AsinhTransformer(m, a, t)

Implementation of inverse hyperbolic sine function, authored by Scott White (FlowUtils v0.8).

HyperlogTransformer(w, m, a, t)

Implementation of Hyperlog transform is authored by Scott White (FlowUtils v0.8).

LogTransformer(base, m, t, **kwargs)

Apply log transform to data, either using parametrized log transform as defined in GatingML 2.0 specification (implemented by Scott White in FlowUtils v0.8) or using natural log, base 2 or base 10.

LogicleTransformer(w, m, a, t)

Implementation of Logicle transform is authored by Scott White (FlowUtils v0.8).

Normalise(norm, axis)

Normalise data using Scikit-Learn normalize function (https://bit.ly/2YBfe3o) Norms are stored in the attribute ‘norms’ and normalisation reversed by passing the transformed data to the ‘inverse’ method.

Scaler(method, **kwargs)

Utility object for applying Scikit-Learn transformers to a chosen dataset.

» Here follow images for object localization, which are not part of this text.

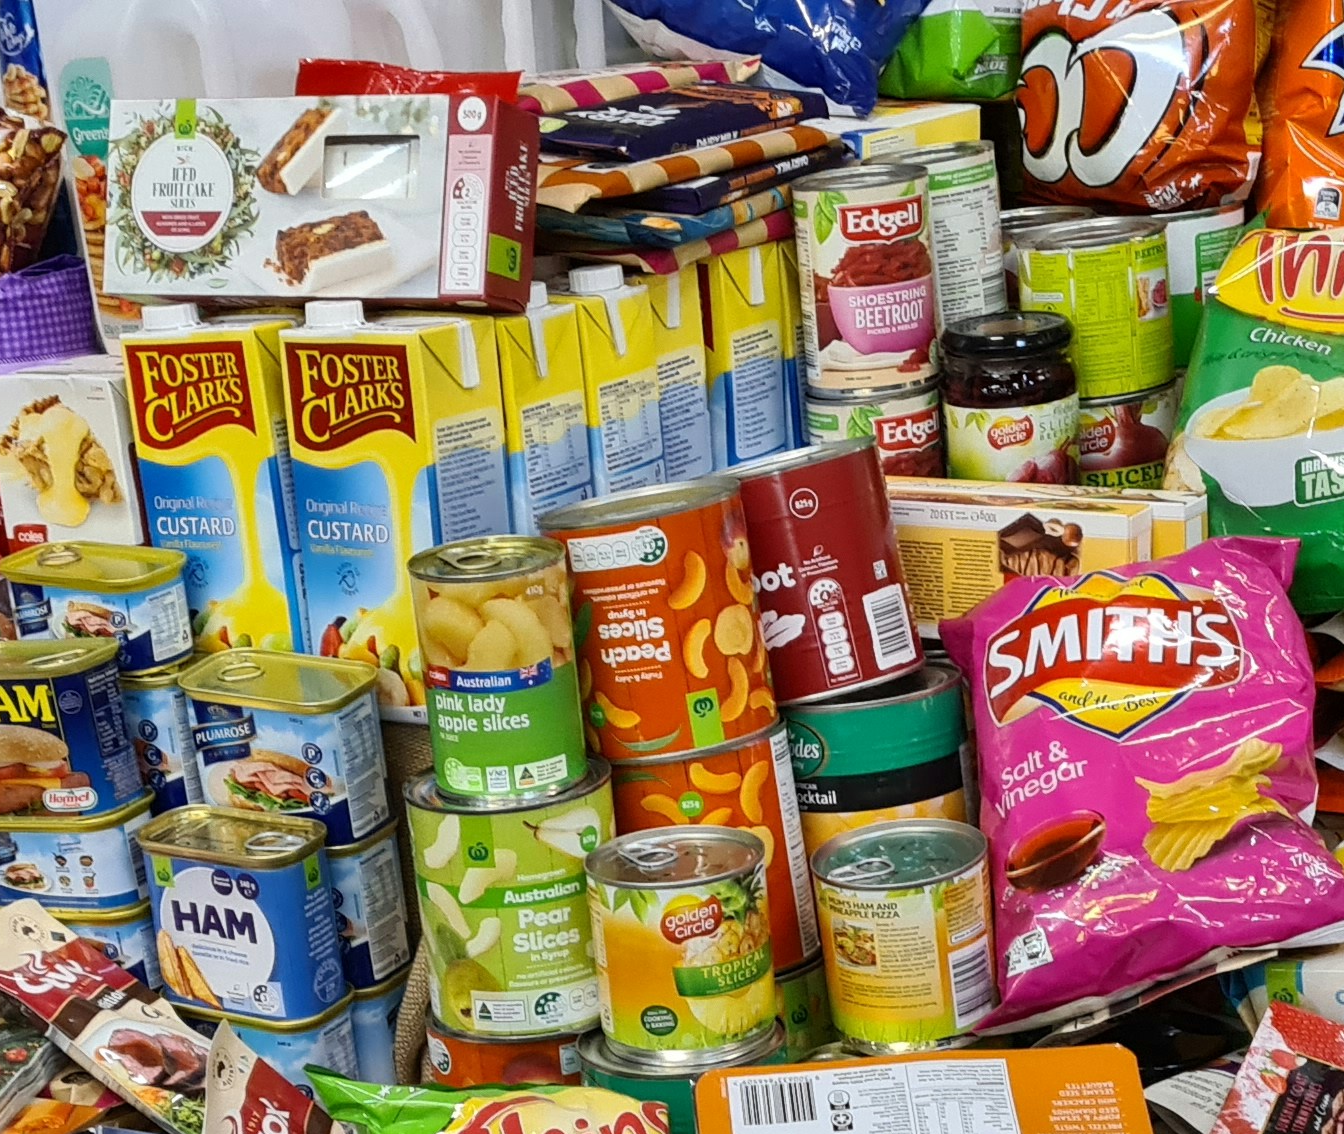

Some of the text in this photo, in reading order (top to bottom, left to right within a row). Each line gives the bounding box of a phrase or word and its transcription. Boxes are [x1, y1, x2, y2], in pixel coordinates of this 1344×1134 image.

[171, 165, 196, 183] ICED
[151, 180, 216, 199] FRUIT CAKE
[846, 202, 919, 235] Edgell
[847, 284, 926, 308] SHOESTRING
[855, 301, 926, 328] BEETROOT
[1248, 326, 1331, 355] Chicken
[135, 351, 239, 403] FOSTER
[156, 515, 236, 537] CUSTARD
[307, 520, 390, 543] CUSTARD
[598, 616, 664, 640] Slices
[601, 640, 672, 665] Peach
[988, 604, 1237, 700] SMITH'S
[455, 673, 512, 689] Australian
[436, 692, 506, 715] pink lady
[195, 722, 253, 744] PLUMROSE
[437, 710, 530, 735] apple slices
[1002, 756, 1043, 790] Salt
[49, 792, 89, 803] Hormel
[994, 757, 1088, 817] vinegar
[504, 880, 580, 906] Australian
[173, 899, 255, 940] HAM
[518, 907, 570, 929] Pear
[663, 906, 719, 932] golden
[674, 919, 717, 939] circle
[513, 926, 580, 952] Slices
[700, 951, 768, 983] TROPICAL
[717, 970, 757, 988] SLICES

Transformer(transform_function, …)

Base class for Transformer object.

Exceptions:

TransformError

Functions:

apply_transform(data, features[, method, …])

Apply a transformation to the given DataFrame and the chosen columns (features).

apply_transform_map(data, feature_method[, …])

Wrapper function to cytopy.flow.transform.apply_transform; takes a dictionary (feature_method) where each key is the name of a feature and the value the transform to be applied to that feature.

remove_negative_values(data, features)

For each feature (as given in ‘features’) in data, check for negative values and replace with minimum value in range for that feature.

safe_range(data, x)

Return the minimum and maximum values in a range, ignore negative values

class cytopy.flow.transform.AsinhTransformer(m: float = 4.5, a: float = 0.0, t: int = 262144)

Implementation of inverse hyperbolic sine function, authored by Scott White (FlowUtils v0.8).

Parameters
  • m (float (default=4.5)) – Number of decades the true logarithmic scale approaches at the high end of the scale

  • a (float (default=0)) – Additional number of negative decades

  • t (int (default=262144)) – Top of the linear scale

class cytopy.flow.transform.HyperlogTransformer(w: float = 0.5, m: float = 4.5, a: float = 0.0, t: int = 262144)

Implementation of Hyperlog transform is authored by Scott White (FlowUtils v0.8).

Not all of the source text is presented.